[What you will do]
Your copy of the listing must be exact and must hold no images.

▼

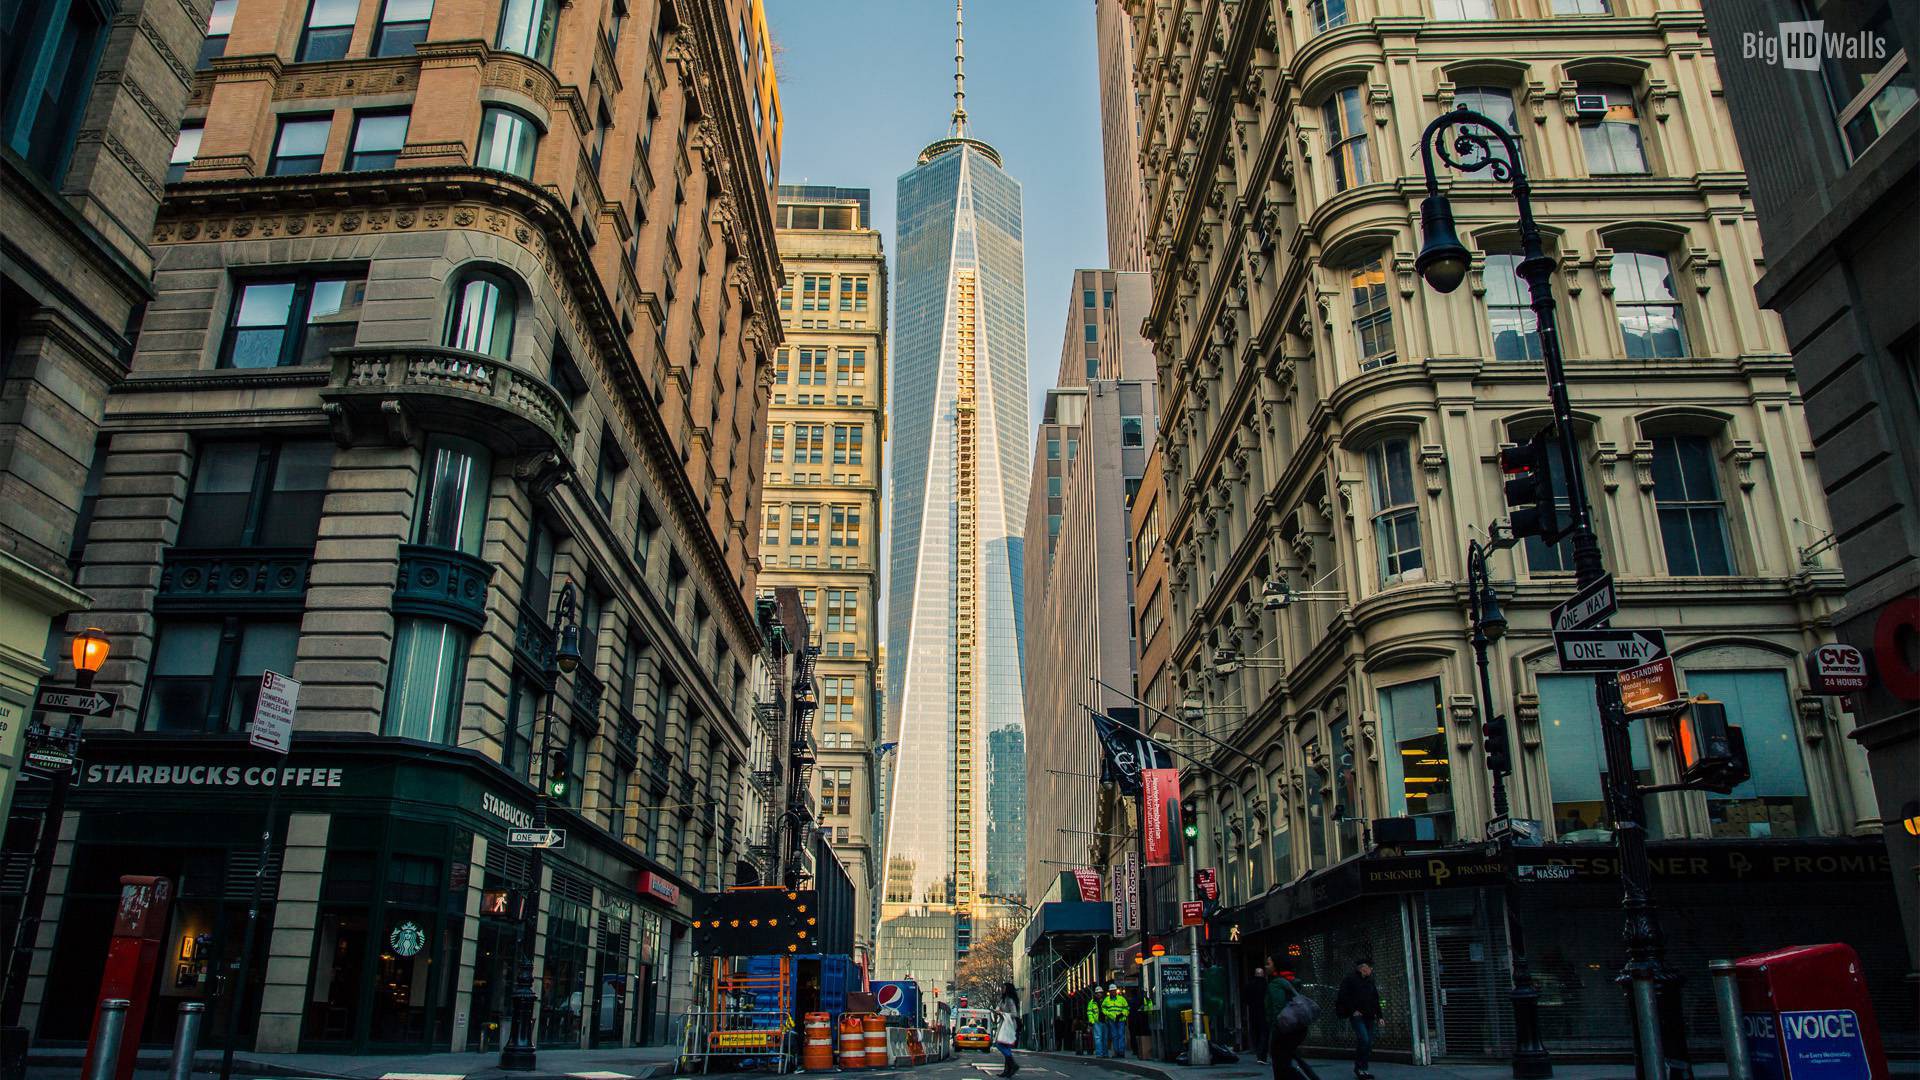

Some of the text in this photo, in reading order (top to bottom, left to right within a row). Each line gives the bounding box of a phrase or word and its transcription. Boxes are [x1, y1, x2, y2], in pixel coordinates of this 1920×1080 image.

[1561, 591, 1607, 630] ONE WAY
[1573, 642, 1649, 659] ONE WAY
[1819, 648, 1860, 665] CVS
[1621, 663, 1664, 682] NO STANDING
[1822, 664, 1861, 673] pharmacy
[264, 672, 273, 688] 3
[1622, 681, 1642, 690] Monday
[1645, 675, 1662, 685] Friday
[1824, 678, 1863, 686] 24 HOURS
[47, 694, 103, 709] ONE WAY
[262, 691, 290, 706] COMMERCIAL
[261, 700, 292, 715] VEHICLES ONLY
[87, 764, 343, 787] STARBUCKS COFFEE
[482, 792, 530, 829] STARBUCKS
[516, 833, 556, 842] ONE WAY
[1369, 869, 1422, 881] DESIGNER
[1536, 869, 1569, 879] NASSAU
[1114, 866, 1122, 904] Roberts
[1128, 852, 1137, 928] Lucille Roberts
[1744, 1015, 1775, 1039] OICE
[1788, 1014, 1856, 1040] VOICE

▲

[Task output]
Some of the text in this photo, in reading order (top to bottom, left to right within a row). Each line gives the bounding box of a phrase or word and its transcription. Boxes are [x1, y1, x2, y2], in pixel coordinates of this 1920×1080 image.

[1561, 591, 1607, 630] ONE WAY
[1573, 642, 1649, 659] ONE WAY
[1819, 648, 1860, 665] CVS
[1621, 663, 1664, 682] NO STANDING
[1822, 664, 1861, 673] pharmacy
[264, 672, 273, 688] 3
[1622, 681, 1642, 690] Monday
[1645, 675, 1662, 685] Friday
[1824, 678, 1863, 686] 24 HOURS
[47, 694, 103, 709] ONE WAY
[262, 691, 290, 706] COMMERCIAL
[261, 700, 292, 715] VEHICLES ONLY
[87, 764, 343, 787] STARBUCKS COFFEE
[482, 792, 530, 829] STARBUCKS
[516, 833, 556, 842] ONE WAY
[1369, 869, 1422, 881] DESIGNER
[1536, 869, 1569, 879] NASSAU
[1114, 866, 1122, 904] Roberts
[1128, 852, 1137, 928] Lucille Roberts
[1744, 1015, 1775, 1039] OICE
[1788, 1014, 1856, 1040] VOICE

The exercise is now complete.